Brain Against The Machine
Display ads are getting smarter. Both humans and machines are driving that confluence.
I should expect to see ads for hot coffee when it's cold, and iced coffee when it's hot. I should expect to see ads for umbrellas, raincoats, and boots pointing me to the local pharmacy/retail store when it's raining.
I should expect to see coupons for a breakfast sandwich in the morning and for dinner specials in the evening. These are things that humans should expect from their advertising, and it's what machines are starting to give them.
Imagine that. Reading an article about motor trends -- it’s 80 degrees and sunny out -- and seeing an ad for a convertible with your local dealer price. It’s almost like divine intervention. Thousands of years ago, this type of thing might have spawned a religion. But today, it’s just another amazing possibility brought on by advancements in technology.
And while some might think it is all about technology, it is not. It is also about people. But where does the technology actually start and where does the human element come into play. On a panel at OMMA Display recently, we discussed this very topic trying to break down the relationship of “Man vs. Machine.”
One of the questions posed was: With all the incredible advancements in technology, how do you keep the human element involved?
Let’s revisit my anecdote about a convertible. What is really happening behind the scenes is a perfect example of this blend of human and machine. A multitude of real-time decisions are being made simultaneously, taking into account the ad placement, the surrounding content, in addition to other signals like the weather, the geographic location of the consumer and much more (prices, behavioral, etc.).
This may all seem like the machine. But if you look closely, the human element is abundantly clear. The technology has to be imagined and developed by humans. The ad creative has to be conceived and built. Media has to be bought (via RTB of course). The campaign data then has to be analyzed by humans. The machine has to be studied and streamlined. Optimizations need to happen on the fly. And so the virtuous cycle continues.
In the advertising industry, it’s not that the human is disappearing, but rather that the role of the human is changing.
I touched on this topic in a previous article; the current generation of creative thinkers is the technologists. That is where the shift is taking place. Richard Hartell of Mediavest @richhartell made a great point during the panel that 10 to 15 years ago in media agencies, the majority of employees were fairly similar -- a balanced mix of creative and analytical thinkers.
But now, the industry is more focused on specialization and brilliance at a specific task. At the same time, the dollars are flowing into the digital advertising industry, which is attracting top talent from top universities. So we’re at a point where supply is directly aligned with demand. Machines are not replacing humans, they are simply morphing human’s roles.

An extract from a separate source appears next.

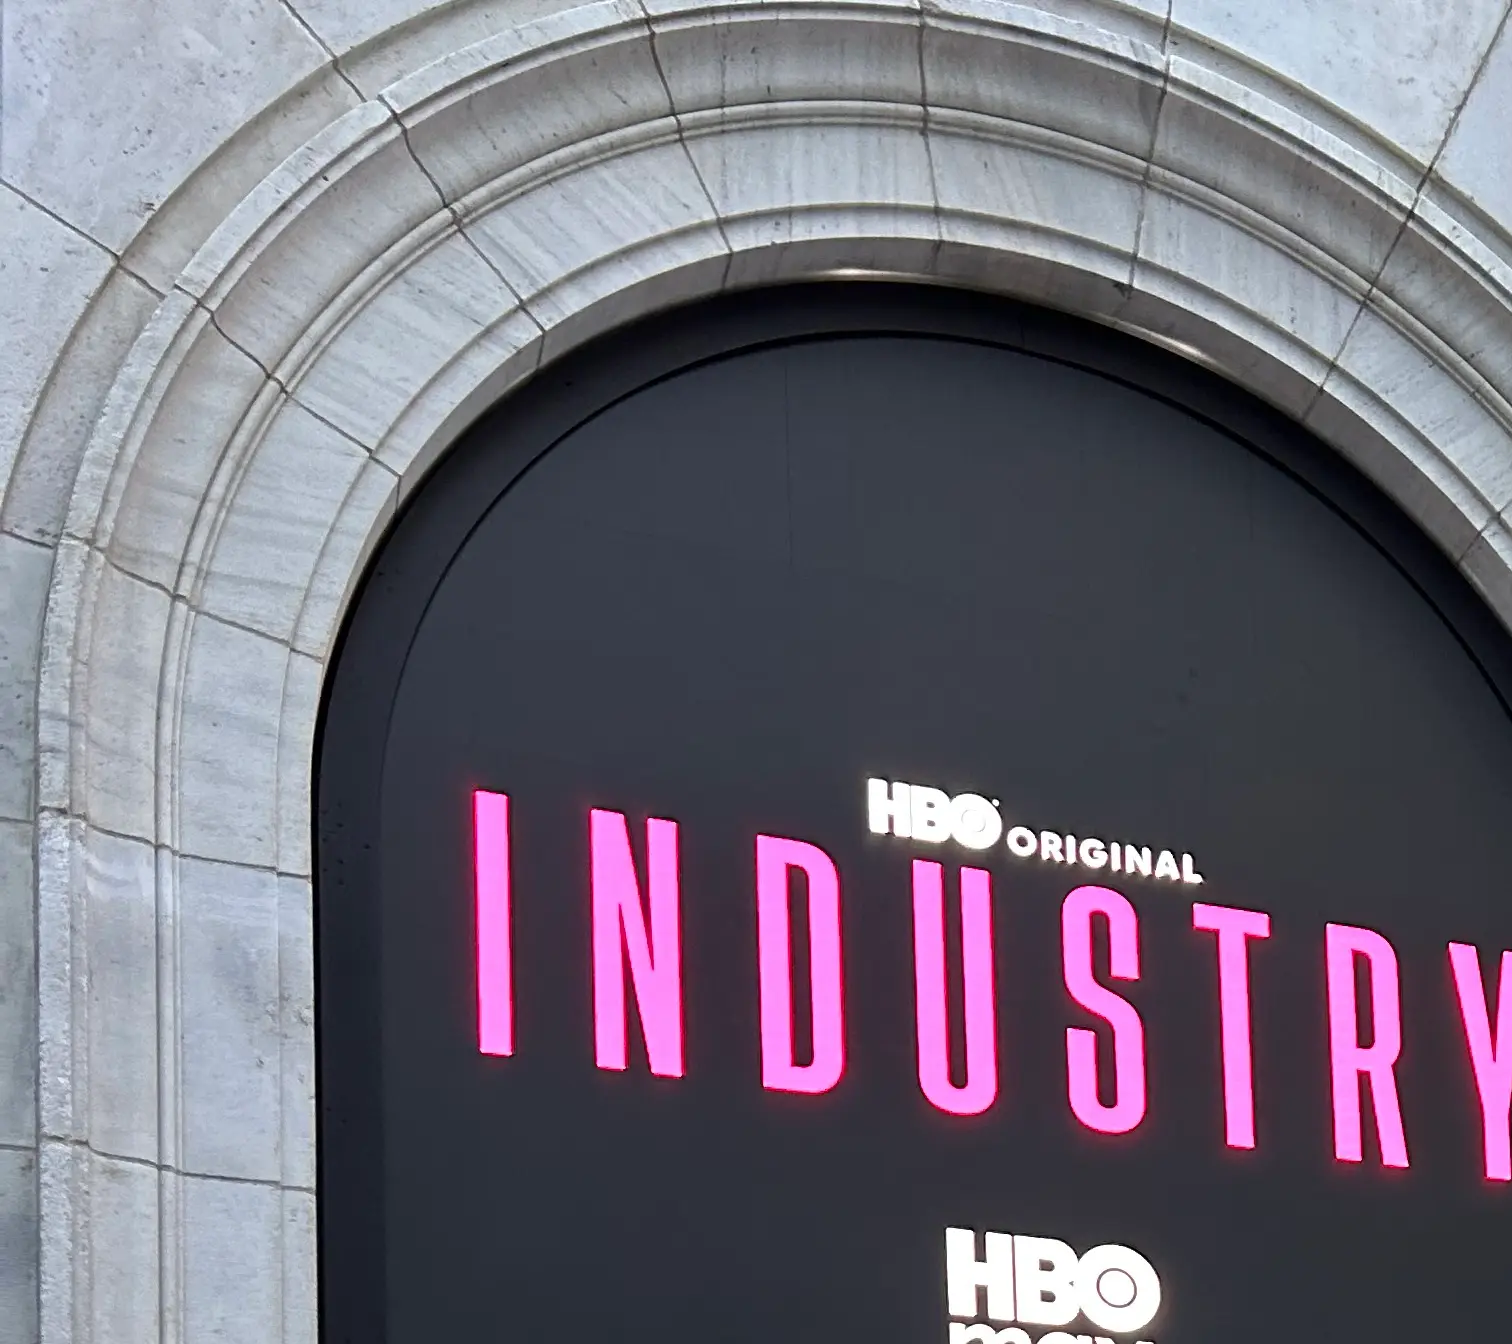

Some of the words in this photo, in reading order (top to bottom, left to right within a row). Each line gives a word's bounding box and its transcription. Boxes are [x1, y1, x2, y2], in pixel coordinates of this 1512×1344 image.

The final OMMA Display panel question will be my final point: When do machines get rid of us? Of course, this was part humorous, but certainly with the speed in which technology has evolved and how fast it has changed the landscape of online advertising, it’s a fear that some people may have.
Of course, humans will never be fully replaced, we are the ones inputting the machines. But we’re also the ones passing judgment on the output, as Nathan Woodman of Adnetik said on the panel. The reality is that humans will always be involved, it’s a matter of how much and in what capacity. We’re a long way away from machines programming themselves.